# REQUIRED ACTION
Leave no line out; reproduce the listing exactly.

# RECORDS SUPPLIED

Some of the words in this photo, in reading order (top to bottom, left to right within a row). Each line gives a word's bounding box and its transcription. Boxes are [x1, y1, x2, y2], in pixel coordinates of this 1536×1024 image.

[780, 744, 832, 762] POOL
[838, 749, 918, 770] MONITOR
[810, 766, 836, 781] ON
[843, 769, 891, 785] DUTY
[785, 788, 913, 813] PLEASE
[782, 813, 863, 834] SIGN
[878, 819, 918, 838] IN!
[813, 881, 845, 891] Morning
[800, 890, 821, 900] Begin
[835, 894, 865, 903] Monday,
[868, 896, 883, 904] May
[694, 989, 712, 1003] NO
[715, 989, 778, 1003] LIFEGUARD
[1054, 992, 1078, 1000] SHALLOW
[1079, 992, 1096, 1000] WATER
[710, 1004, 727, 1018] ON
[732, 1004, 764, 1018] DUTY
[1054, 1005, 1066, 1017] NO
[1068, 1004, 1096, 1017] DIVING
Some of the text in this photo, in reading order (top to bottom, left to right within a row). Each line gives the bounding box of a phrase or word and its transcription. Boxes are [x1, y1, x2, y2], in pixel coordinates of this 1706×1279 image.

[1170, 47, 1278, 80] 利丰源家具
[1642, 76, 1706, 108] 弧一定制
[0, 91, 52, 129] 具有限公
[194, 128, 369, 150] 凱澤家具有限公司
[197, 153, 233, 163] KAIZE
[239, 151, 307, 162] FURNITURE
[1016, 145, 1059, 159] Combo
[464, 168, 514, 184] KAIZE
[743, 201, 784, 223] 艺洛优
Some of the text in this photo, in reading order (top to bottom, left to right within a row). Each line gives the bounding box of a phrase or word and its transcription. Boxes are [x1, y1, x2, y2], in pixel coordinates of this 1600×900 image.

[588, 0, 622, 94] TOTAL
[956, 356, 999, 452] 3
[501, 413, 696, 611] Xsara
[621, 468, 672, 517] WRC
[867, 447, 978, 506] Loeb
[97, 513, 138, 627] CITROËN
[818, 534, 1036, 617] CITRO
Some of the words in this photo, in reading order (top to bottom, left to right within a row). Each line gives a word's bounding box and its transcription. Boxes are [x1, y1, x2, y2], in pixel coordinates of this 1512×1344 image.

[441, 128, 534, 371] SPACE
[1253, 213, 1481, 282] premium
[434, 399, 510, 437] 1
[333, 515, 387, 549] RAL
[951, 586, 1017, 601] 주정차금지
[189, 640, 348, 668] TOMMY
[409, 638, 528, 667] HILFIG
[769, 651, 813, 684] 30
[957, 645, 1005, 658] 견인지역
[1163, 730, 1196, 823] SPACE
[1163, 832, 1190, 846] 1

# SOLVED EXERCISE
Some of the words in this photo, in reading order (top to bottom, left to right within a row). Each line gives a word's bounding box and its transcription. Boxes are [x1, y1, x2, y2], in pixel coordinates of this 1536×1024 image.

[780, 744, 832, 762] POOL
[838, 749, 918, 770] MONITOR
[810, 766, 836, 781] ON
[843, 769, 891, 785] DUTY
[785, 788, 913, 813] PLEASE
[782, 813, 863, 834] SIGN
[878, 819, 918, 838] IN!
[813, 881, 845, 891] Morning
[800, 890, 821, 900] Begin
[835, 894, 865, 903] Monday,
[868, 896, 883, 904] May
[694, 989, 712, 1003] NO
[715, 989, 778, 1003] LIFEGUARD
[1054, 992, 1078, 1000] SHALLOW
[1079, 992, 1096, 1000] WATER
[710, 1004, 727, 1018] ON
[732, 1004, 764, 1018] DUTY
[1054, 1005, 1066, 1017] NO
[1068, 1004, 1096, 1017] DIVING
Some of the text in this photo, in reading order (top to bottom, left to right within a row). Each line gives the bounding box of a phrase or word and its transcription. Boxes are [x1, y1, x2, y2], in pixel coordinates of this 1706×1279 image.

[1170, 47, 1278, 80] 利丰源家具
[1642, 76, 1706, 108] 弧一定制
[0, 91, 52, 129] 具有限公
[194, 128, 369, 150] 凱澤家具有限公司
[197, 153, 233, 163] KAIZE
[239, 151, 307, 162] FURNITURE
[1016, 145, 1059, 159] Combo
[464, 168, 514, 184] KAIZE
[743, 201, 784, 223] 艺洛优
Some of the text in this photo, in reading order (top to bottom, left to right within a row). Each line gives the bounding box of a phrase or word and its transcription. Boxes are [x1, y1, x2, y2], in pixel coordinates of this 1600×900 image.

[588, 0, 622, 94] TOTAL
[956, 356, 999, 452] 3
[501, 413, 696, 611] Xsara
[621, 468, 672, 517] WRC
[867, 447, 978, 506] Loeb
[97, 513, 138, 627] CITROËN
[818, 534, 1036, 617] CITRO
Some of the words in this photo, in reading order (top to bottom, left to right within a row). Each line gives a word's bounding box and its transcription. Boxes are [x1, y1, x2, y2], in pixel coordinates of this 1512×1344 image.

[441, 128, 534, 371] SPACE
[1253, 213, 1481, 282] premium
[434, 399, 510, 437] 1
[333, 515, 387, 549] RAL
[951, 586, 1017, 601] 주정차금지
[189, 640, 348, 668] TOMMY
[409, 638, 528, 667] HILFIG
[769, 651, 813, 684] 30
[957, 645, 1005, 658] 견인지역
[1163, 730, 1196, 823] SPACE
[1163, 832, 1190, 846] 1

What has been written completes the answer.